Drake-Chenault streamlined the Top 40 radio format originally created by Todd Storz, Gordon McLendon and other radio programmers in the early 1950s. The format took a set list of popular songs and repeated them all day long. Jingles, news updates, traffic, and other features were designed to make Top 40 radio appeal to car listeners. By early 1964, the era of the British Invasion, Top 40 radio had become the dominant radio format for North American listeners and swept much of the Western world.
Drake applied modern methods such as market research and ratings demographics to the format to increase the number of listeners. He advocated limiting the amount of disc jockey chatter, the number of advertisements and playing only the top hits. Drake's concepts included 20/20 News and counter-programming with music sweeps. Drake-Chenault controlled aspects including the DJs that were hired to radio contests, visual logos, promotions, and commercial policy. He hired the Johnny Mann Singers to produce the Boss Radio jingles, which were bright, high-energy transitions from song to song.
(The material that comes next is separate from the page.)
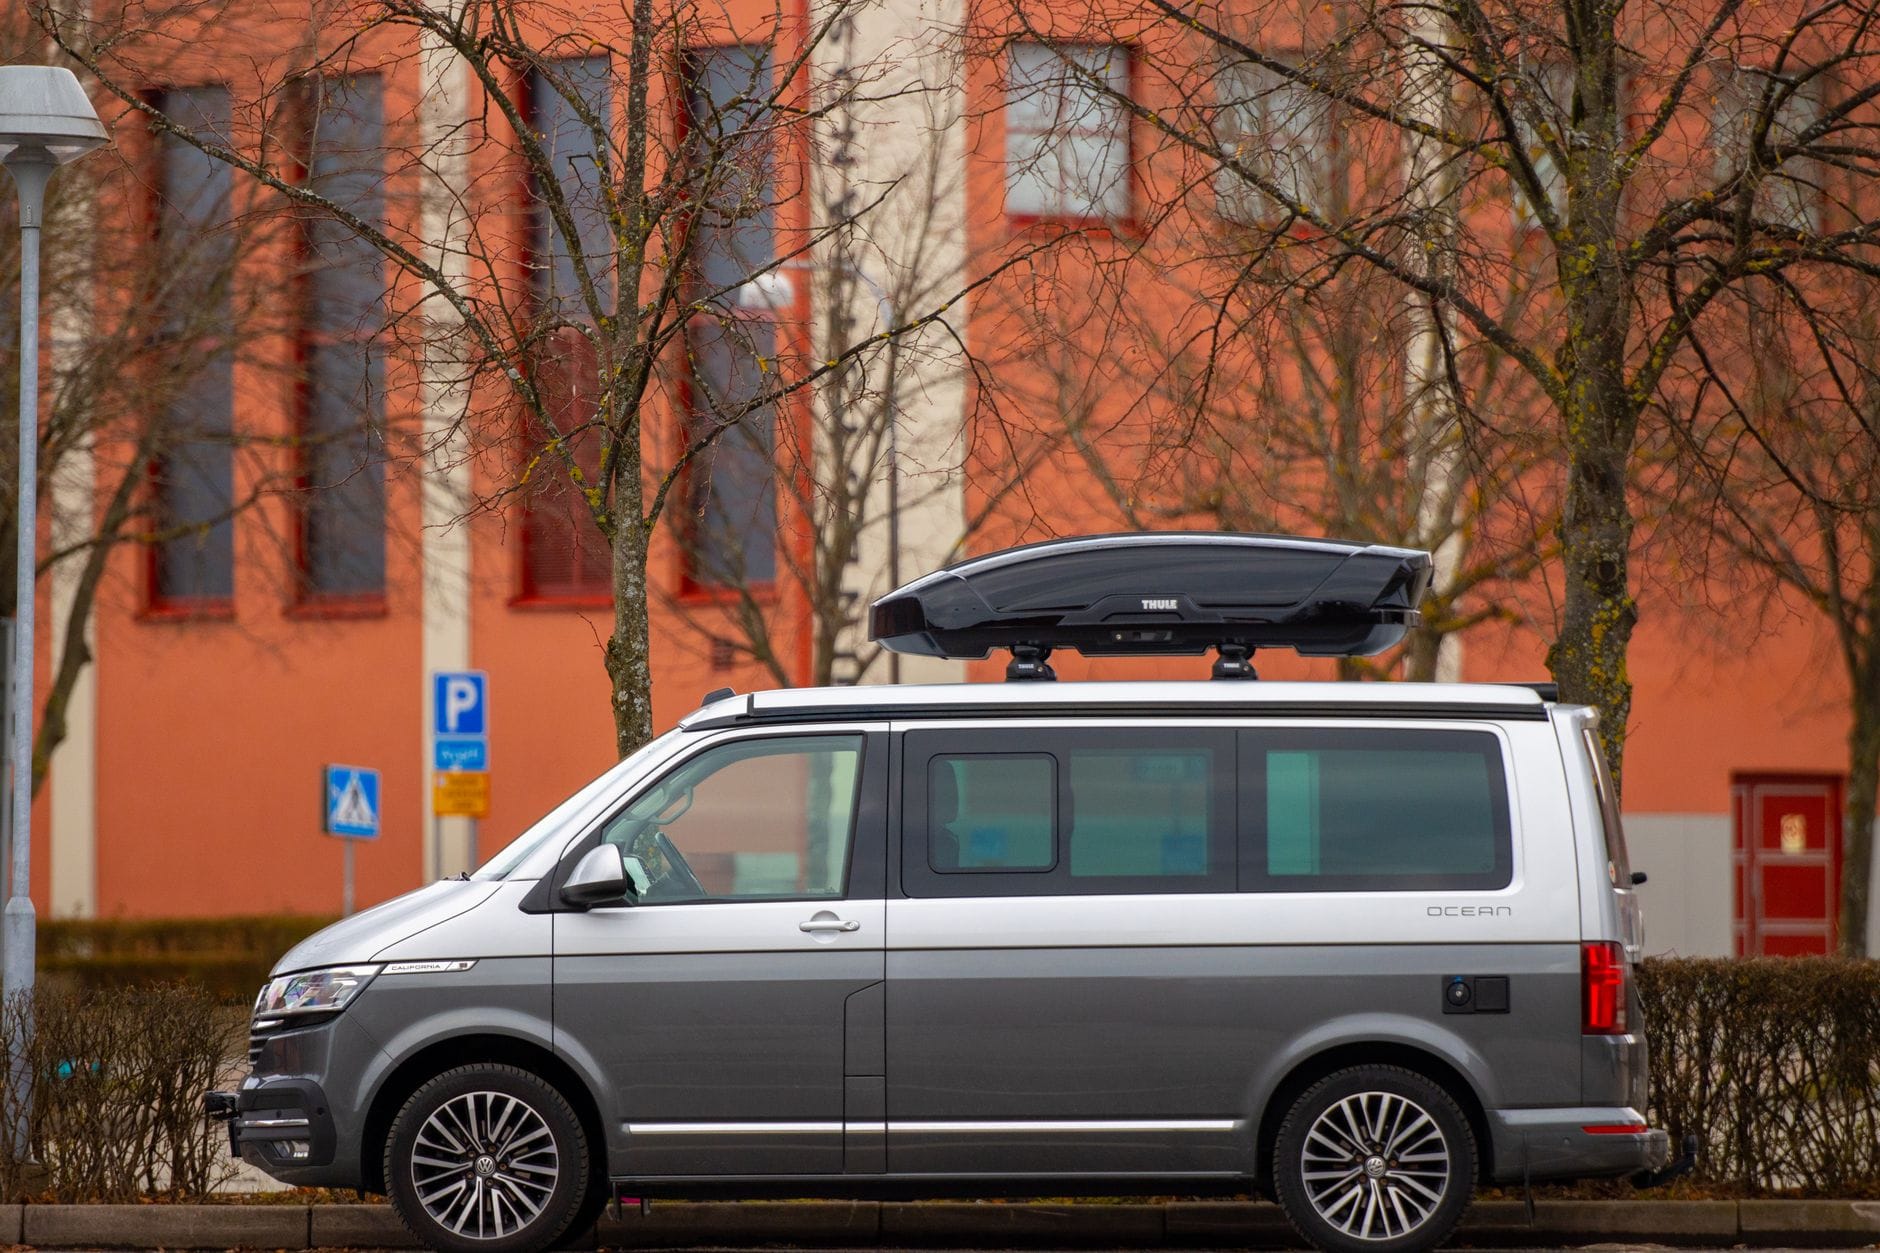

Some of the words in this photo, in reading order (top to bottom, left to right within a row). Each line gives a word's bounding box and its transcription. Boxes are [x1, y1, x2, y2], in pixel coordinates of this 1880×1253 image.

[1141, 599, 1178, 610] THULE
[447, 678, 478, 731] P
[1426, 906, 1512, 917] OCEAN
Drake used these methods at Fresno's KYNO and then KGB, which moved from 14th to 1st in San Diego. In the spring of 1965, Drake-Chenault were hired by the then-financially-struggling KHJ in Los Angeles, after KGB's owner, Willett Brown, suggested to his fellow RKO board members that Drake could improve the station's performance. Drake hired Ron Jacobs as program director, Robert W. Morgan in the mornings and The Real Don Steele in the afternoons. Though "Boss Radio" was criticized, KHJ quickly jumped from near obscurity to the number one radio station in Los Angeles. Drake also programmed KFRC in San Francisco, WOR-FM in New York, KAKC in Tulsa, WHBQ in Memphis, WUBE in Cincinnati, WRKO in Boston and 50,000 watt CKLW, in Windsor, Ontario.
In the late 1960s and early 1970s, Drake and Chenault formed Drake-Chenault Inc., marketing the format via similar customized Johnny Mann jingle packages used on KHJ. These jingle packages were sold across the US and overseas. They also marketed "automated" radio format packages such as "Hit Parade", "Solid Gold", "Classic Gold" and "Great American Country". Disc Jockey voices heard on those formats included Robert W. Morgan, Charlie Van Dyke and others. Additionally, they marketed documentaries like The History of Rock and Roll, a 10-episode, 52-hours-long series on which Drake worked as a writer and narrator.

After Drake-Chenault

Drake-Chenault was sold and eventually dissolved in the mid-1980s. In 1973, Drake left KHJ, along with Steele and Morgan, to program KIQQ-FM in Los Angeles. Bill Drake was a member of the nominating committee of the Hit Parade Hall of Fame. He was inducted into the Georgia Radio Hall of Fame in 2007.
He died of lung cancer in Los Angeles on November 29, 2008.
Gene Chenault died at 90 on February 23, 2010.